What to do
The pictures in the data below are to be omitted; all else must be duplicated exactly.

Source data:
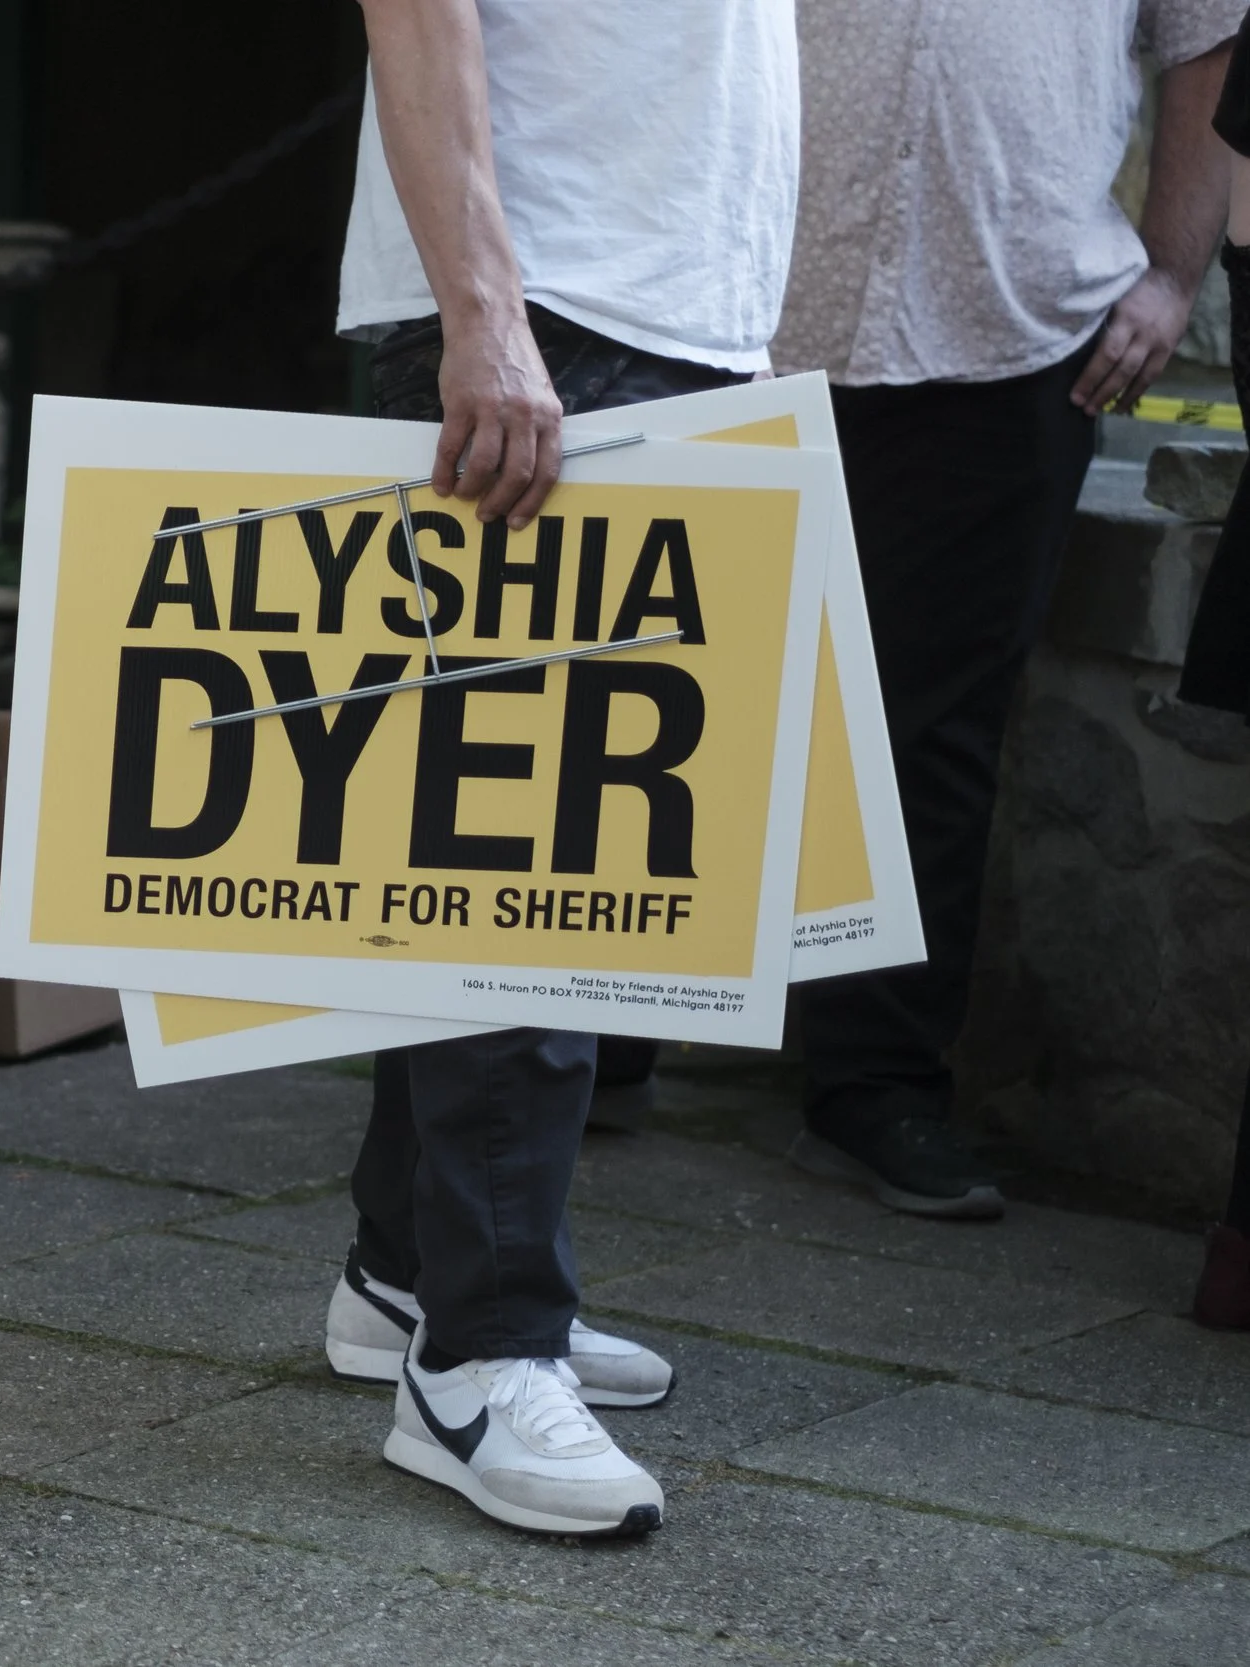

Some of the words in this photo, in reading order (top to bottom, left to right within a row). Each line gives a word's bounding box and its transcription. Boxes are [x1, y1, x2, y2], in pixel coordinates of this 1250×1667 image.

[126, 506, 707, 646] ALYSHIA
[105, 647, 707, 880] DYER
[104, 873, 360, 922] DEMOCRAT
[381, 883, 471, 927] FOR
[493, 887, 692, 935] SHERIFF
[793, 935, 843, 949] Michigan
[845, 927, 875, 940] 48197
[795, 926, 805, 936] of
[809, 920, 847, 934] Alyshia
[848, 917, 873, 928] Dyer
[461, 978, 485, 990] 1606
[488, 981, 496, 991] S.
[500, 982, 529, 994] Huron
[532, 985, 547, 995] PO
[550, 987, 572, 998] BOX
[575, 989, 610, 1001] 972326
[614, 992, 658, 1006] Ypsilanti,
[661, 997, 711, 1011] Michigan
[713, 1002, 744, 1013] 48197
[571, 976, 593, 988] Paid
[595, 978, 610, 988] for
[613, 980, 626, 991] by
[628, 981, 664, 994] Friends
[668, 985, 678, 995] of
[680, 986, 718, 999] Alyshia
[720, 990, 745, 1002] Dyer

Expected answer
Some of the words in this photo, in reading order (top to bottom, left to right within a row). Each line gives a word's bounding box and its transcription. Boxes are [x1, y1, x2, y2], in pixel coordinates of this 1250×1667 image.

[126, 506, 707, 646] ALYSHIA
[105, 647, 707, 880] DYER
[104, 873, 360, 922] DEMOCRAT
[381, 883, 471, 927] FOR
[493, 887, 692, 935] SHERIFF
[793, 935, 843, 949] Michigan
[845, 927, 875, 940] 48197
[795, 926, 805, 936] of
[809, 920, 847, 934] Alyshia
[848, 917, 873, 928] Dyer
[461, 978, 485, 990] 1606
[488, 981, 496, 991] S.
[500, 982, 529, 994] Huron
[532, 985, 547, 995] PO
[550, 987, 572, 998] BOX
[575, 989, 610, 1001] 972326
[614, 992, 658, 1006] Ypsilanti,
[661, 997, 711, 1011] Michigan
[713, 1002, 744, 1013] 48197
[571, 976, 593, 988] Paid
[595, 978, 610, 988] for
[613, 980, 626, 991] by
[628, 981, 664, 994] Friends
[668, 985, 678, 995] of
[680, 986, 718, 999] Alyshia
[720, 990, 745, 1002] Dyer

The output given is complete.